▸ **EXERCISE AIM**: Skip the images and copy each record exactly as written.

# # #

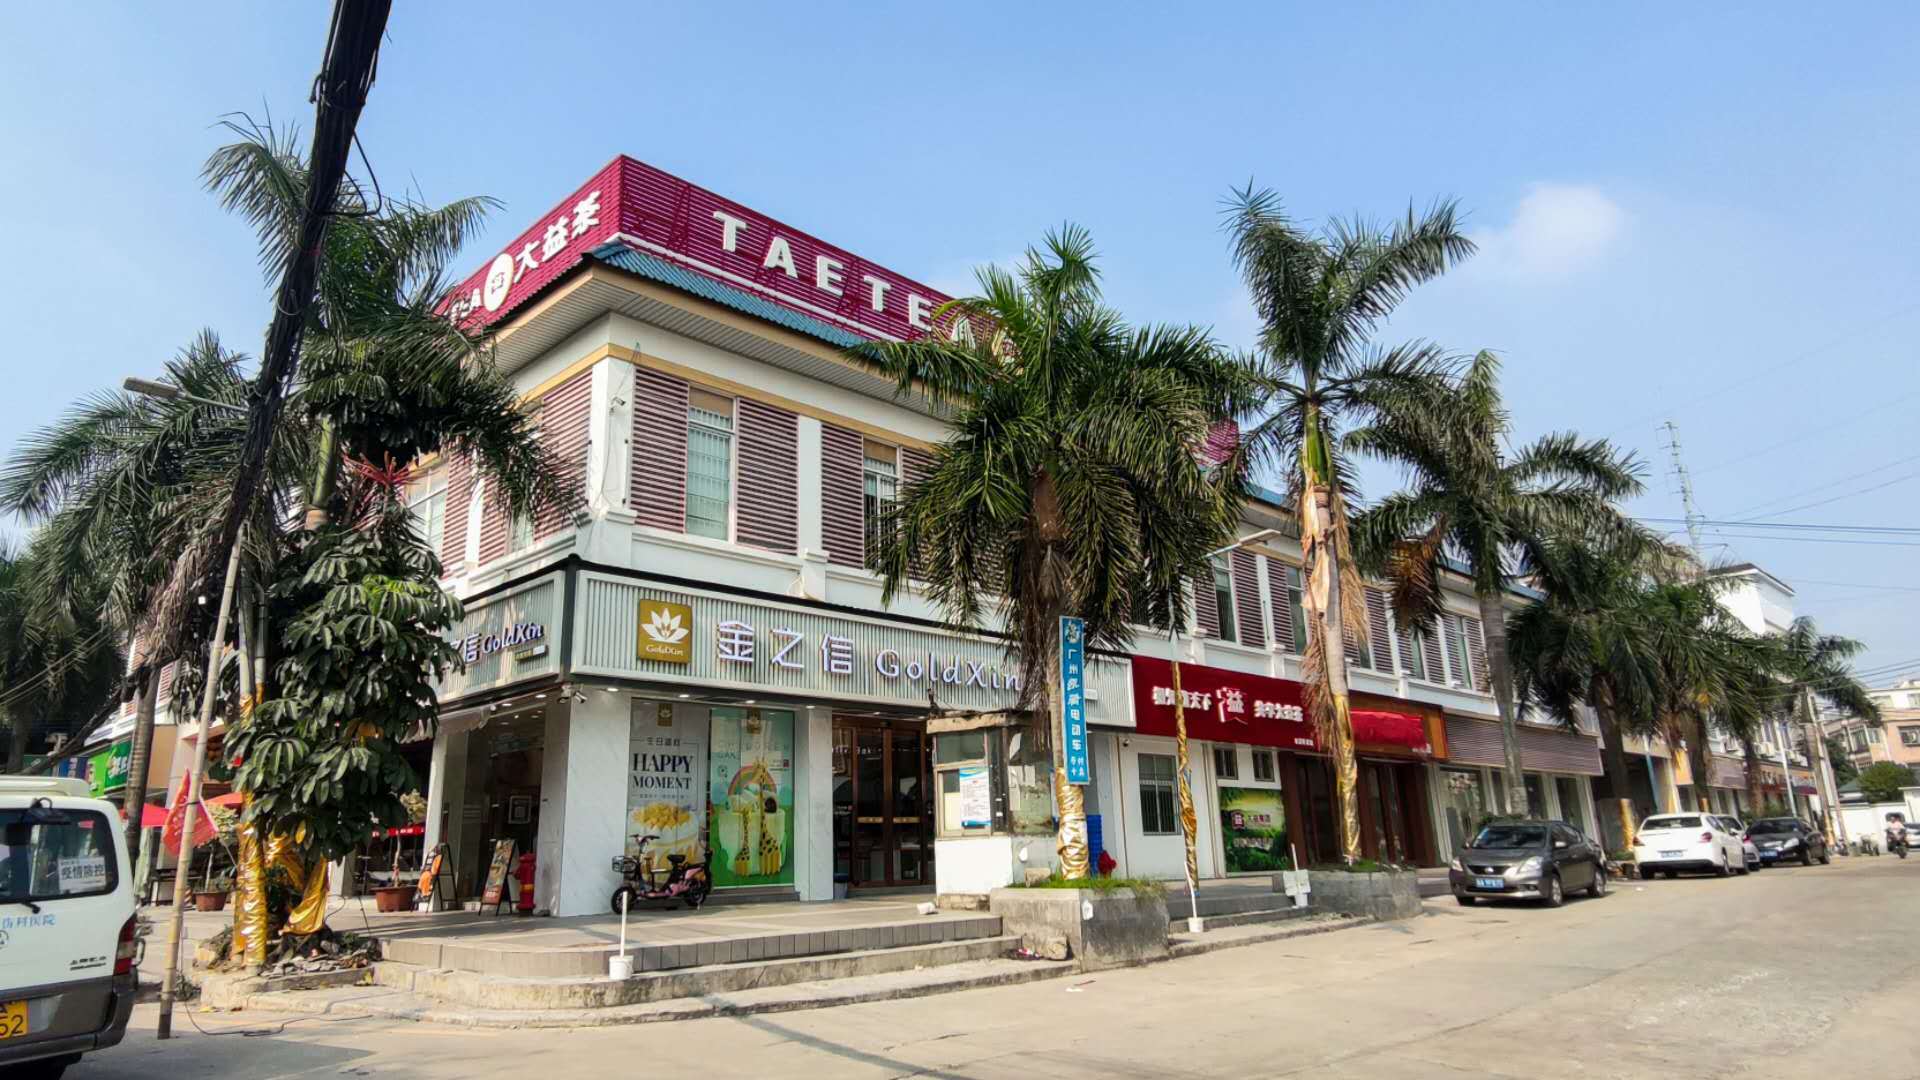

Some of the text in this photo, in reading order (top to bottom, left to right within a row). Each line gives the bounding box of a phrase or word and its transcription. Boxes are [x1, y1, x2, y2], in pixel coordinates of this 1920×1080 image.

[513, 190, 601, 284] 大益茶
[713, 211, 977, 351] TAETEA
[482, 622, 543, 654] GoldXin
[717, 619, 854, 675] 金之信
[875, 648, 1021, 691] GoldXin
[632, 752, 694, 773] HAPPY
[632, 775, 693, 790] MOMENT

# # #

▸ **OUTPUT**:
Some of the text in this photo, in reading order (top to bottom, left to right within a row). Each line gives the bounding box of a phrase or word and its transcription. Boxes are [x1, y1, x2, y2], in pixel coordinates of this 1920×1080 image.

[513, 190, 601, 284] 大益茶
[713, 211, 977, 351] TAETEA
[482, 622, 543, 654] GoldXin
[717, 619, 854, 675] 金之信
[875, 648, 1021, 691] GoldXin
[632, 752, 694, 773] HAPPY
[632, 775, 693, 790] MOMENT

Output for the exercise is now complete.